RECORDS SUPPLIED
┄┄┄┄┄┄

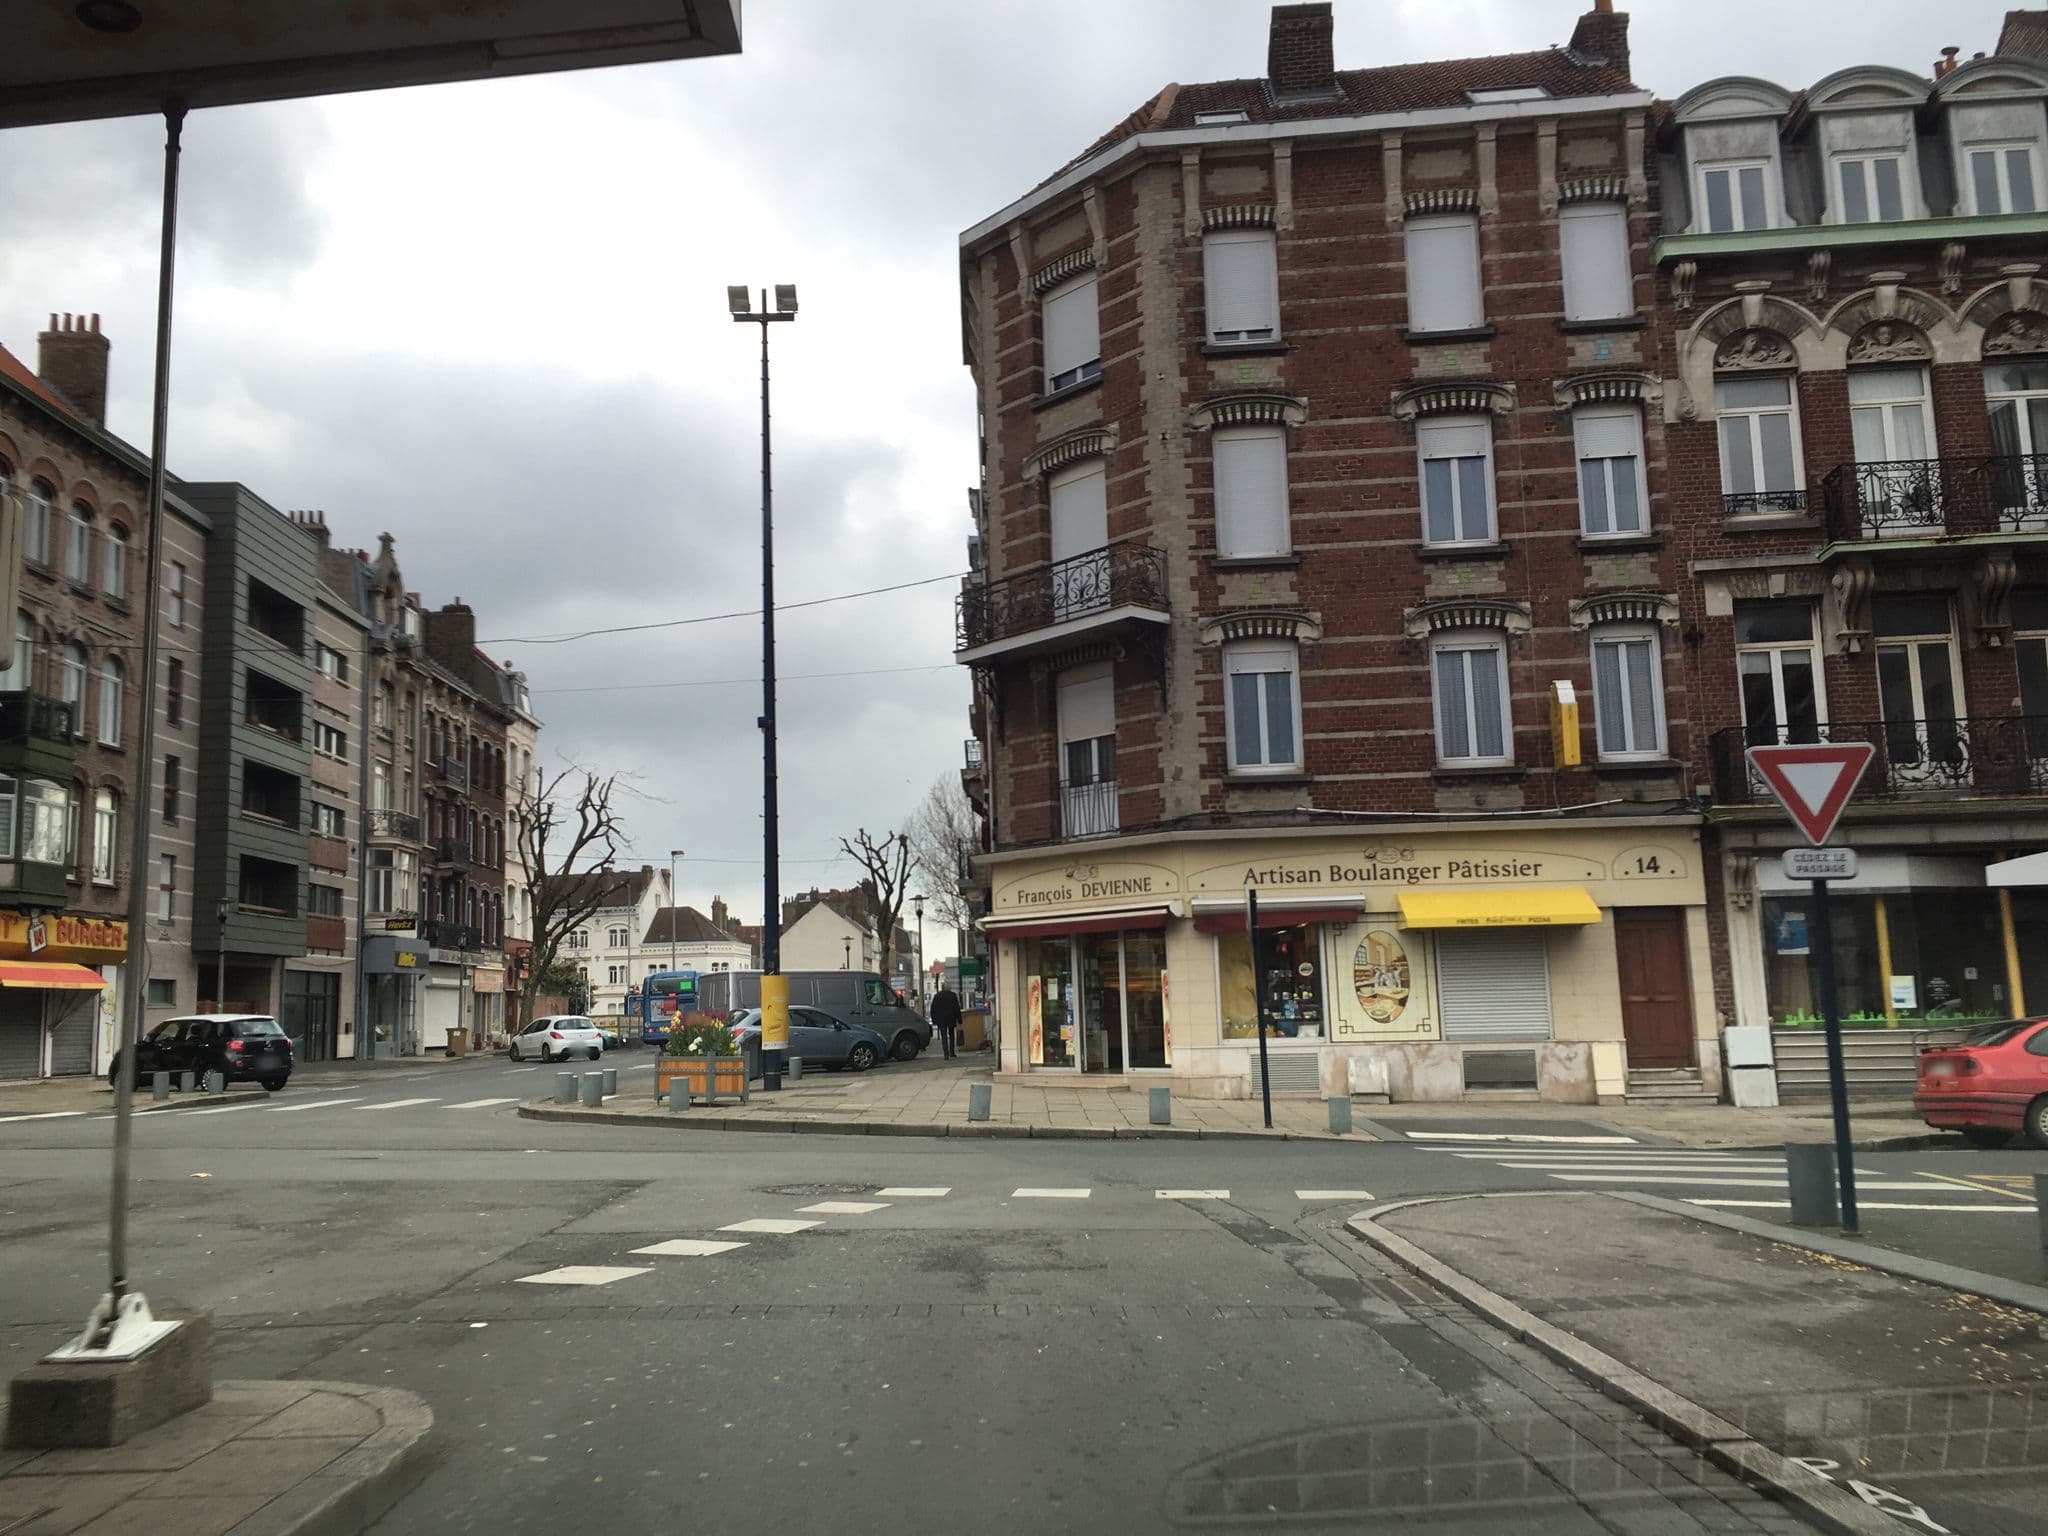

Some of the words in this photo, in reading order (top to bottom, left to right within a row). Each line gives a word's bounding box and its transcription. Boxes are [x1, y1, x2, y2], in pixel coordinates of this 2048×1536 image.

[1243, 865, 1322, 885] Artisan
[1329, 862, 1441, 885] Boulanger
[1448, 858, 1543, 879] Pâtissier
[1636, 856, 1661, 874] 14
[1018, 885, 1072, 904] François
[1082, 877, 1152, 898] DEVIENNE
[56, 919, 122, 948] BURGER
[387, 919, 412, 929] Hertz

┄┄┄┄┄┄

WORK INSTRUCTION
Write out the listing above again, exactly, but with no pictures in the copy.

RESPONSE
Some of the words in this photo, in reading order (top to bottom, left to right within a row). Each line gives a word's bounding box and its transcription. Boxes are [x1, y1, x2, y2], in pixel coordinates of this 2048×1536 image.

[1243, 865, 1322, 885] Artisan
[1329, 862, 1441, 885] Boulanger
[1448, 858, 1543, 879] Pâtissier
[1636, 856, 1661, 874] 14
[1018, 885, 1072, 904] François
[1082, 877, 1152, 898] DEVIENNE
[56, 919, 122, 948] BURGER
[387, 919, 412, 929] Hertz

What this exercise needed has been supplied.